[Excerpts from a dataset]

--

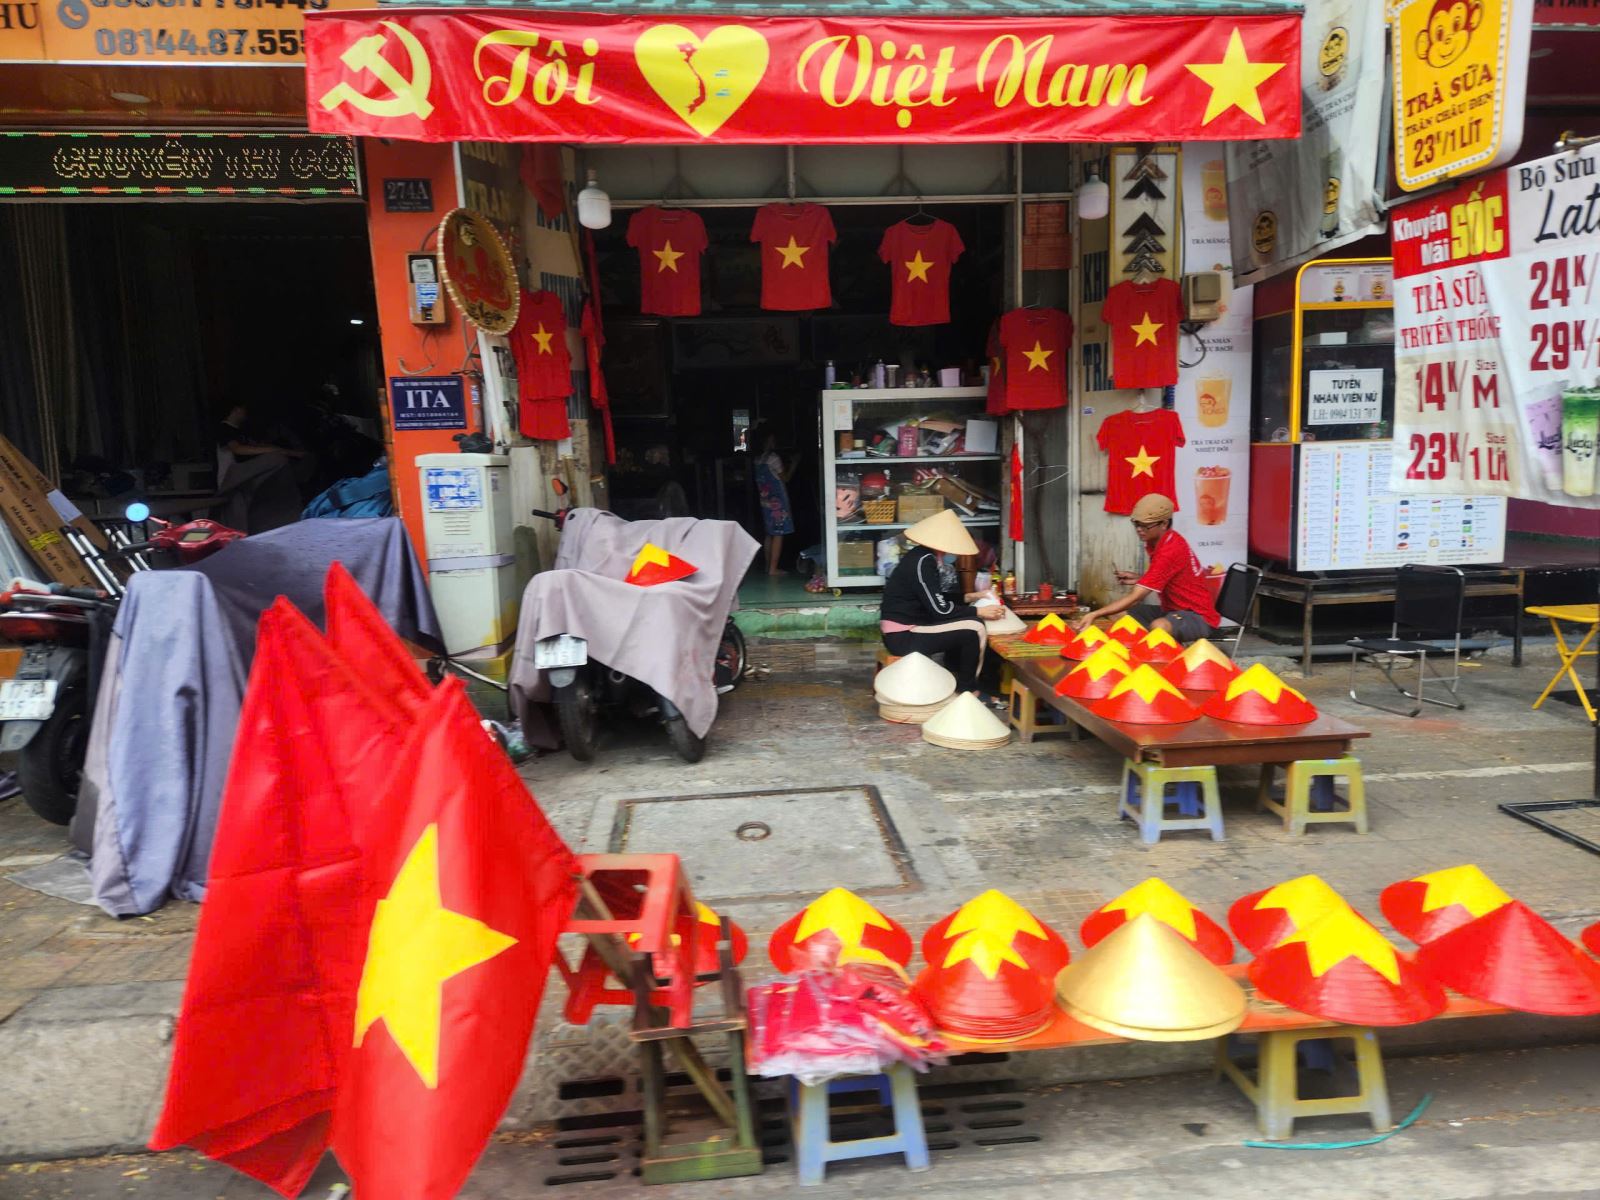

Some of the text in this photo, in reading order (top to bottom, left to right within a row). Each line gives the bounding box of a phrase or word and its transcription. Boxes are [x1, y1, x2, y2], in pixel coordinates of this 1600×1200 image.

[474, 29, 1153, 128] Tôi Việt Nam
[1406, 63, 1493, 118] TRÀ SỮA
[1519, 156, 1596, 191] Bộ Sưu
[1393, 204, 1448, 242] Khuyến
[1451, 181, 1504, 260] SỐC
[1534, 180, 1600, 244] Lat
[405, 390, 450, 408] ITA
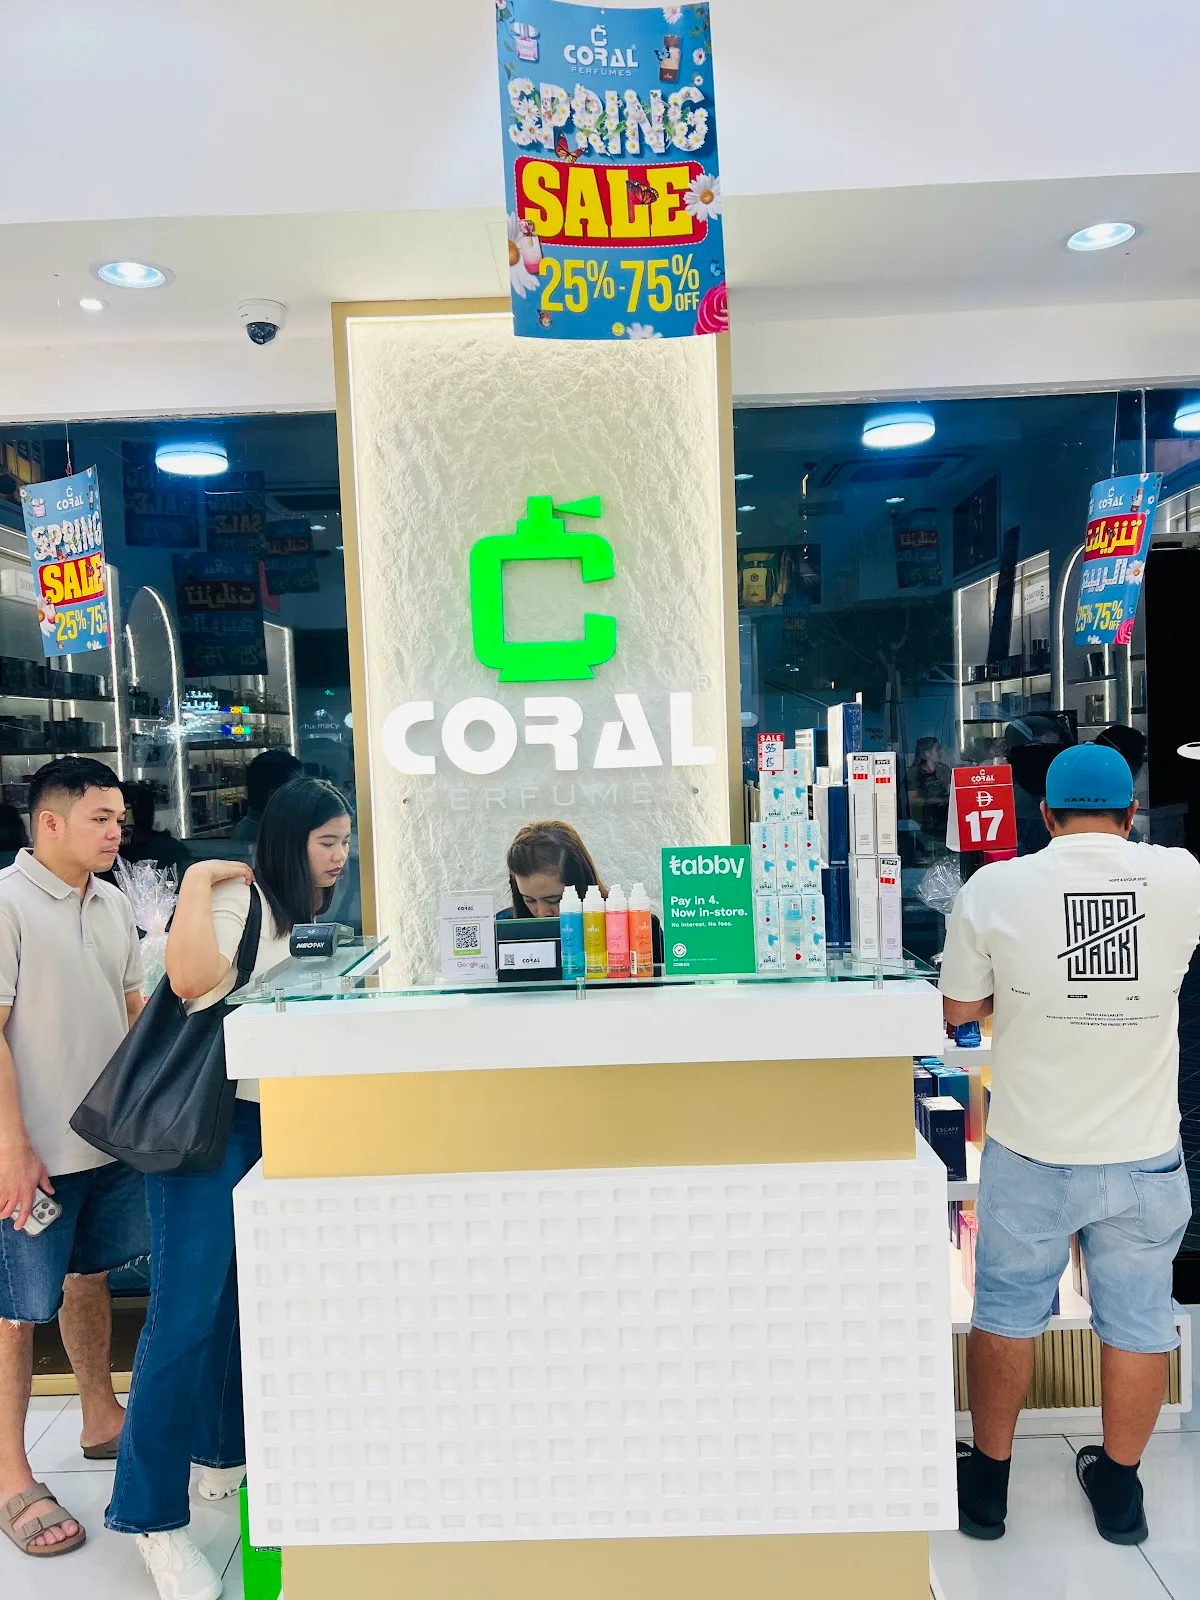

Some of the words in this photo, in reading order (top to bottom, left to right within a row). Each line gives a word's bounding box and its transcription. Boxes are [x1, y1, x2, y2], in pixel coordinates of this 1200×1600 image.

[564, 45, 638, 67] CORAL
[571, 67, 632, 76] PERFUMES
[508, 77, 708, 155] SPRING
[522, 160, 694, 238] SALE
[674, 292, 699, 312] OFF
[56, 494, 84, 510] CORAL
[1098, 494, 1124, 510] CORAL
[31, 510, 102, 561] SPRING
[43, 552, 104, 604] SALE
[383, 691, 717, 775] CORAL
[966, 810, 1004, 842] 17
[669, 855, 744, 878] tabby
[671, 896, 691, 908] Pay
[695, 896, 704, 904] in
[708, 896, 719, 904] 4.
[672, 908, 695, 917] Now
[700, 908, 748, 917] in-store.
[1072, 899, 1129, 944] HOBO
[1075, 929, 1132, 974] JACK
[457, 961, 478, 969] Google

--

• WHAT THE EXERCISE ASKS:
Before copying, set the pictures aside; then give the records again exactly.

• EXERCISE RESPONSE:
Some of the text in this photo, in reading order (top to bottom, left to right within a row). Each line gives the bounding box of a phrase or word and its transcription. Boxes are [x1, y1, x2, y2], in pixel coordinates of this 1600×1200 image.

[474, 29, 1153, 128] Tôi Việt Nam
[1406, 63, 1493, 118] TRÀ SỮA
[1519, 156, 1596, 191] Bộ Sưu
[1393, 204, 1448, 242] Khuyến
[1451, 181, 1504, 260] SỐC
[1534, 180, 1600, 244] Lat
[405, 390, 450, 408] ITA

Some of the words in this photo, in reading order (top to bottom, left to right within a row). Each line gives a word's bounding box and its transcription. Boxes are [x1, y1, x2, y2], in pixel coordinates of this 1200×1600 image.

[564, 45, 638, 67] CORAL
[571, 67, 632, 76] PERFUMES
[508, 77, 708, 155] SPRING
[522, 160, 694, 238] SALE
[674, 292, 699, 312] OFF
[56, 494, 84, 510] CORAL
[1098, 494, 1124, 510] CORAL
[31, 510, 102, 561] SPRING
[43, 552, 104, 604] SALE
[383, 691, 717, 775] CORAL
[966, 810, 1004, 842] 17
[669, 855, 744, 878] tabby
[671, 896, 691, 908] Pay
[695, 896, 704, 904] in
[708, 896, 719, 904] 4.
[672, 908, 695, 917] Now
[700, 908, 748, 917] in-store.
[1072, 899, 1129, 944] HOBO
[1075, 929, 1132, 974] JACK
[457, 961, 478, 969] Google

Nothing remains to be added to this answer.